Exercise →
Please copy the data below exactly; none of the pictures in it belong in the copy.

(Referring expression grounding data)
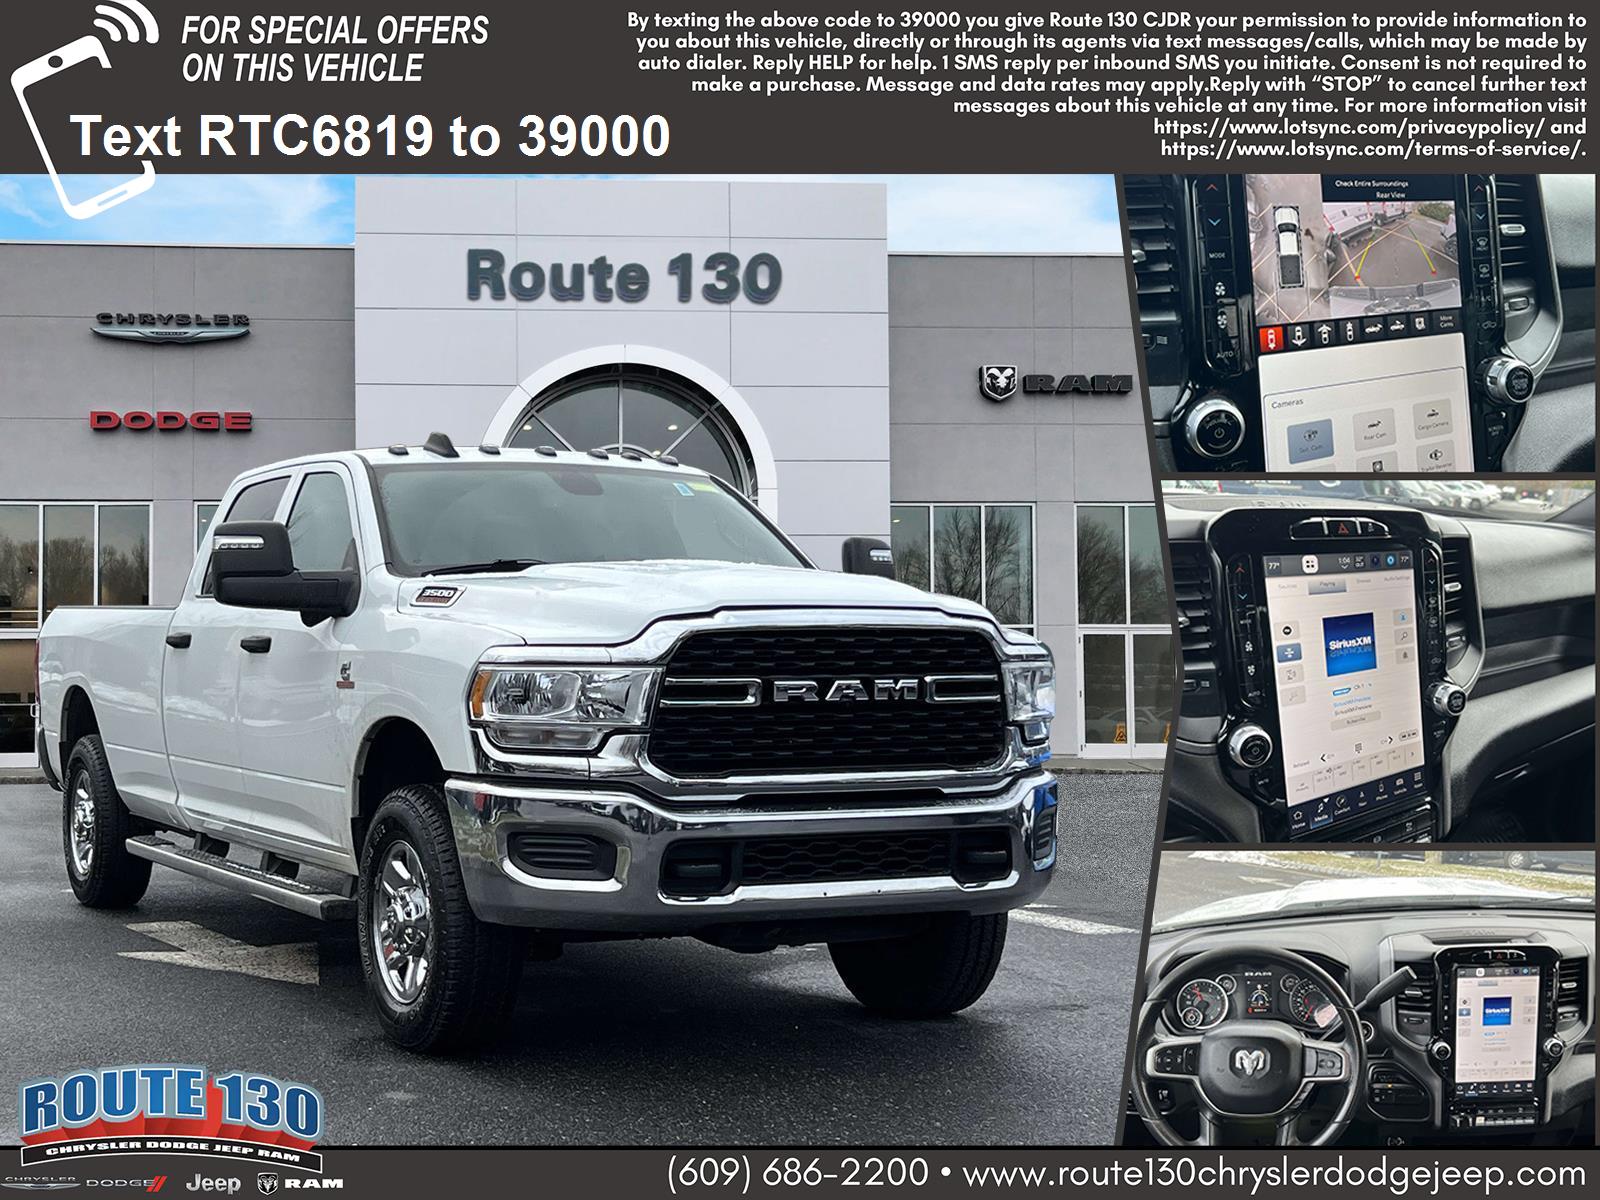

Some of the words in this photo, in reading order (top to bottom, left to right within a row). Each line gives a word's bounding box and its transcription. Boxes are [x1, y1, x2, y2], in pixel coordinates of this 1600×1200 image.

[1372, 180, 1408, 188] Surroundings
[467, 248, 650, 302] Route
[667, 252, 782, 304] 130
[96, 312, 250, 326] CHRYSLER
[1217, 350, 1234, 358] AUTO
[1023, 374, 1133, 394] RAM
[1271, 398, 1304, 410] Cameras
[89, 411, 252, 431] DODGE
[422, 589, 455, 598] 3500
[1329, 636, 1371, 650] SiriusXM
[773, 679, 919, 702] RAM

Solved exercise →
Some of the words in this photo, in reading order (top to bottom, left to right within a row). Each line gives a word's bounding box and its transcription. Boxes are [x1, y1, x2, y2], in pixel coordinates of this 1600×1200 image.

[1372, 180, 1408, 188] Surroundings
[467, 248, 650, 302] Route
[667, 252, 782, 304] 130
[96, 312, 250, 326] CHRYSLER
[1217, 350, 1234, 358] AUTO
[1023, 374, 1133, 394] RAM
[1271, 398, 1304, 410] Cameras
[89, 411, 252, 431] DODGE
[422, 589, 455, 598] 3500
[1329, 636, 1371, 650] SiriusXM
[773, 679, 919, 702] RAM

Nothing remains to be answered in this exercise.